The following All-Big Ten selections were listed as seniors: Ohio State's Jae'Sean Tate, Purdue's Vincent Edwards and Isaac Haas. Additionally, Michigan State's Miles Bridges and Jaren Jackson Jr. announced that they would enter the draft and sign with an agent. Penn State's Tony Carr also announced he would enter the draft and sign with and agent. Moritz Wagner hired an agent. Several other players announced that they would test the draft process, but did not hire an agent, including Wisconsin's Ethan Happ, Purdue's Carsen Edwards, Nebraska's James Palmer Jr., Michigan State's Nick Ward, Michigan's Charles Matthews, and Indiana's Juwan Morgan. These players all withdrew from the draft and returned to school.

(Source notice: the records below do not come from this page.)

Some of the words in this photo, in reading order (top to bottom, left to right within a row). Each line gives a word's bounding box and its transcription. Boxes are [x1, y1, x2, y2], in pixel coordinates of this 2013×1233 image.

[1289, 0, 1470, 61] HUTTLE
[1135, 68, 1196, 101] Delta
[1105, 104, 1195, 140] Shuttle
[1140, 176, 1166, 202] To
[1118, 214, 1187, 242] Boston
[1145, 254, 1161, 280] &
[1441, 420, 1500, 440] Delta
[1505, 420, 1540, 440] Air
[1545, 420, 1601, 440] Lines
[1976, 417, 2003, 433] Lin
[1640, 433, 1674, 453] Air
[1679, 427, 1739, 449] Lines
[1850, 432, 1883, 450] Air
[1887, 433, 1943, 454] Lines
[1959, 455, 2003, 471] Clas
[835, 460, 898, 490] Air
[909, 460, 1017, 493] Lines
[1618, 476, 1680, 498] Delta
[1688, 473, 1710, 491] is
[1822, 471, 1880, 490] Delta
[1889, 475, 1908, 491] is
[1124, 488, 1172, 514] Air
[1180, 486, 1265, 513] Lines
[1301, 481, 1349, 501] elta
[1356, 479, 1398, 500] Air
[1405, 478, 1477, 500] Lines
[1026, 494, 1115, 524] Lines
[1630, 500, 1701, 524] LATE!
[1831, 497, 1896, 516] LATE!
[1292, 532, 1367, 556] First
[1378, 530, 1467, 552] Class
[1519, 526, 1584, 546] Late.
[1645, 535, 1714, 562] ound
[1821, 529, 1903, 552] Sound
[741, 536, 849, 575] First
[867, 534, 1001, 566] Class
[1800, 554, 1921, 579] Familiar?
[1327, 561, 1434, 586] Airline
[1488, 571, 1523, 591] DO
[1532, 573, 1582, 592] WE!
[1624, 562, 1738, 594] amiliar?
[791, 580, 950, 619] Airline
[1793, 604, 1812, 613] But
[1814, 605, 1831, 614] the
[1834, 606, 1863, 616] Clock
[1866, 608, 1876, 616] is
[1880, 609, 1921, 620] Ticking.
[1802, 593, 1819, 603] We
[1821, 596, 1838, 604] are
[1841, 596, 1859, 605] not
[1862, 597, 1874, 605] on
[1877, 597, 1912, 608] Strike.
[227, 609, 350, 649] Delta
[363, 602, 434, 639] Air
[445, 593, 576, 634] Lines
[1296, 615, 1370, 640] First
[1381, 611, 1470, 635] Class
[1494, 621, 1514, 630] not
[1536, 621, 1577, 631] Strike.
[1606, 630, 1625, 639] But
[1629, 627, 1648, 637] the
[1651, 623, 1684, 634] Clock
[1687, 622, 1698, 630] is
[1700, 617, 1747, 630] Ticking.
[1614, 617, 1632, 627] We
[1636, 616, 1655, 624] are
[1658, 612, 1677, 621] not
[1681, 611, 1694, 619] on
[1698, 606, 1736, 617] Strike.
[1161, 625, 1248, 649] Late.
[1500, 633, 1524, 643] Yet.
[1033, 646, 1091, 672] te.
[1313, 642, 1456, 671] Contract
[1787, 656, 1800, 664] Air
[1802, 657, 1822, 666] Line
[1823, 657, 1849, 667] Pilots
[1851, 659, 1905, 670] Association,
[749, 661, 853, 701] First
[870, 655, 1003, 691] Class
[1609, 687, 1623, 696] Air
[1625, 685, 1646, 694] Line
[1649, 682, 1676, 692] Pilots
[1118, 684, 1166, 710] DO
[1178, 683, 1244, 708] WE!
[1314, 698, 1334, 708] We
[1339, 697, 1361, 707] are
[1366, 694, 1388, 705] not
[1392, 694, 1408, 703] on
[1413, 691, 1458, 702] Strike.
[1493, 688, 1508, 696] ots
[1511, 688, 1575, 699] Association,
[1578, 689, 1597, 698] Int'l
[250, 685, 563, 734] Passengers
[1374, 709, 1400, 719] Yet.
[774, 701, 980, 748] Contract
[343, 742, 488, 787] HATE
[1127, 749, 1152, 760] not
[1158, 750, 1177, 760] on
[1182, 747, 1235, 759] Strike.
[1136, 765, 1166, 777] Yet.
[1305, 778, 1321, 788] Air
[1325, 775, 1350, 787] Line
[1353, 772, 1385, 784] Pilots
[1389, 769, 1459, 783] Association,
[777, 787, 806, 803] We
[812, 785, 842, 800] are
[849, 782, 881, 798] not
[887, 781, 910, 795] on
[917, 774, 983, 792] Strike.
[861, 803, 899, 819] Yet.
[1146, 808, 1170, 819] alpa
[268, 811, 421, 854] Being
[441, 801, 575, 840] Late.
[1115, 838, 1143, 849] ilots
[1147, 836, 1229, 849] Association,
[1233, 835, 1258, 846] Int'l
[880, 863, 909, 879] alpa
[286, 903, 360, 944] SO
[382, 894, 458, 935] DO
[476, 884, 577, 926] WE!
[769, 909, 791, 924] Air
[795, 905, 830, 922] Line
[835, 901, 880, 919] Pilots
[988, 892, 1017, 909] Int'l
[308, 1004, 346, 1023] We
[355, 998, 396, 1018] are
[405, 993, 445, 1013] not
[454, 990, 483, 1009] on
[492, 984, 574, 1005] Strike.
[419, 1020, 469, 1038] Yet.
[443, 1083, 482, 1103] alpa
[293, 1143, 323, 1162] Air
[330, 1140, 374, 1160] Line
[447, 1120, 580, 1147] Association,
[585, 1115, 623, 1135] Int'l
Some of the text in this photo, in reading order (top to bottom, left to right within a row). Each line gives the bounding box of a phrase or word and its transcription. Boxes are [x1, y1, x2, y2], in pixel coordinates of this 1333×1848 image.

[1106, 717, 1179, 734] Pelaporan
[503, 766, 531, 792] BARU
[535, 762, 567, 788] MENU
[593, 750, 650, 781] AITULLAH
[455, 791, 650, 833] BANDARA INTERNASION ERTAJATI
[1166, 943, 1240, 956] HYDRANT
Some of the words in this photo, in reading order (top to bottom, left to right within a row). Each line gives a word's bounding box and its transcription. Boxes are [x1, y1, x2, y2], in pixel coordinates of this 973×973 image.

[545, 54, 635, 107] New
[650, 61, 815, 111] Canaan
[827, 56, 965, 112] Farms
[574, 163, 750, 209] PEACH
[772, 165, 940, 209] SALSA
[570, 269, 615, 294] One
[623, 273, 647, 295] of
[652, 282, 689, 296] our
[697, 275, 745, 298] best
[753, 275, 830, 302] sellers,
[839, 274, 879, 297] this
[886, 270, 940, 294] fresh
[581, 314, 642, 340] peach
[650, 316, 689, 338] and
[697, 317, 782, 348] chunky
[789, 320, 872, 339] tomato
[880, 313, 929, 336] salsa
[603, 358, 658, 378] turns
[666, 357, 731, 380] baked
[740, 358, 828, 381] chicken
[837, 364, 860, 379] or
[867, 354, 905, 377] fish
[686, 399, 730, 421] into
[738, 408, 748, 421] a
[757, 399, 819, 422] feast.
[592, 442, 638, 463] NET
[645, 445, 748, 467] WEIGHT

Four 2017–18 Big Ten Conference men's basketball season players were drafted in the first round of the 2018 draft (Jaren Jackson Jr. — 4th, Bridges — 12th, Kevin Huerter — 19th, Wagner — 25th) and eight were drafted overall in the draft (Justin Jackson — 43rd, Bates-Diop — 48th, Carr — 51st, Edwards — 52nd).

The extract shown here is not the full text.